Age- and sex-dependent effects of DNA glycosylase Neil3 on amyloid pathology, adult neurogenesis, and memory in a mouse model of Alzheimer's disease.

Oxidative stress generating DNA damage has been shown to be a key characteristic in Alzheimer's disease (AD). However, how it affects the pathogenesis of AD is not yet fully understood. Neil3 is a DNA glycosylase initiating repair of oxidative DNA base lesions and with a distinct expression pattern in proliferating cells. In brain, its function has been linked to hippocampal-dependent memory and to induction of neurogenesis after stroke and in prion disease. Here, we generated a novel AD mouse model deficient for Neil3 to study the impact of impaired oxidative base lesion repair on the pathogenesis of AD. Our results demonstrate an age-dependent decrease in amyloid-β (Aβ) plaque deposition in female Neil3-deficient AD mice, whereas no significant difference was observed in male mice.
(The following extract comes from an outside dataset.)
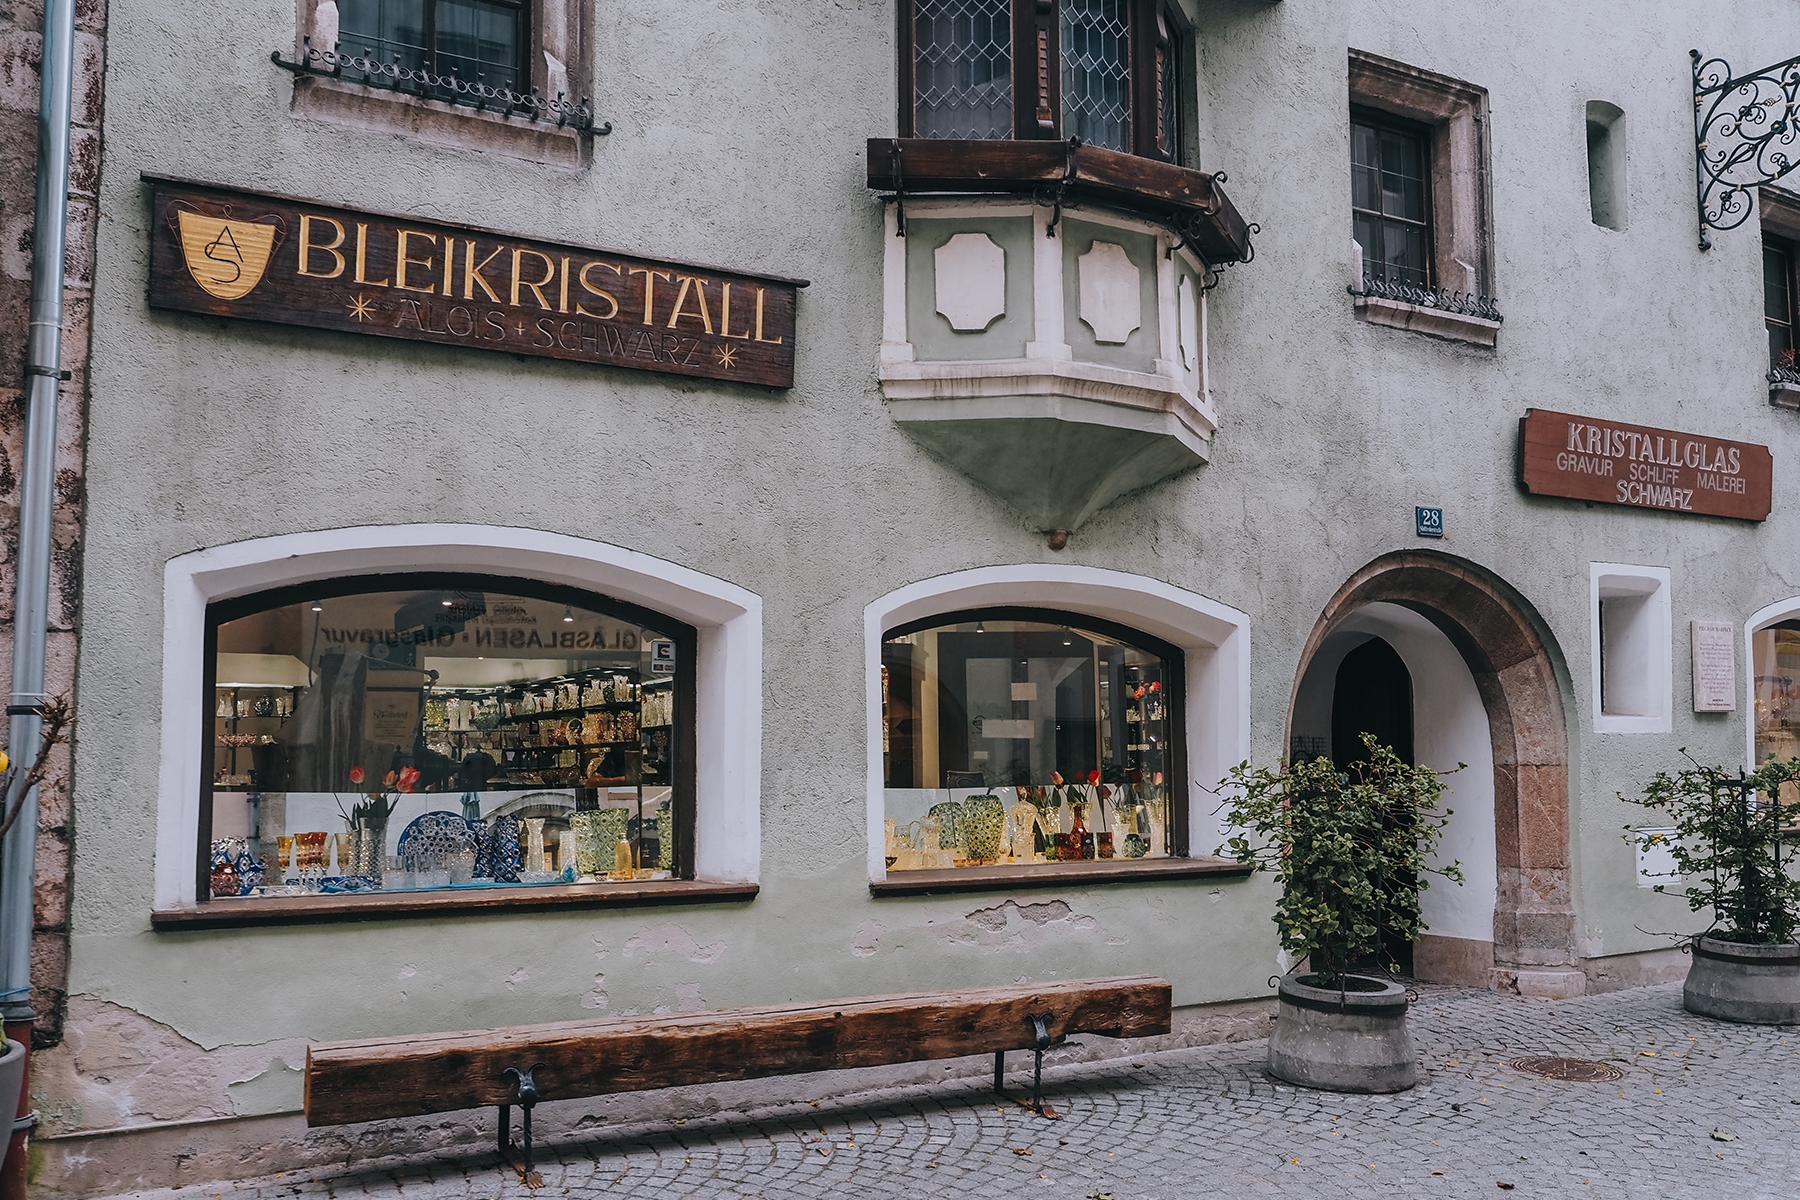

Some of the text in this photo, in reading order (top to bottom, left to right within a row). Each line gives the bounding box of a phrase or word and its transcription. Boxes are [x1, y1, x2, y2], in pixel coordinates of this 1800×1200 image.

Furthermore, male but not female Neil3-deficient AD mice show reduced neural stem cell proliferation in the adult hippocampus and impaired working memory compared to controls. These effects seem to be independent of DNA repair as both sexes show increased level of oxidative base lesions in the hippocampus upon loss of Neil3. Thus, our findings suggest an age- and sex-dependent role of Neil3 in the progression of AD by altering cerebral Aβ accumulation and promoting adult hippocampal neurogenesis to maintain cognitive function.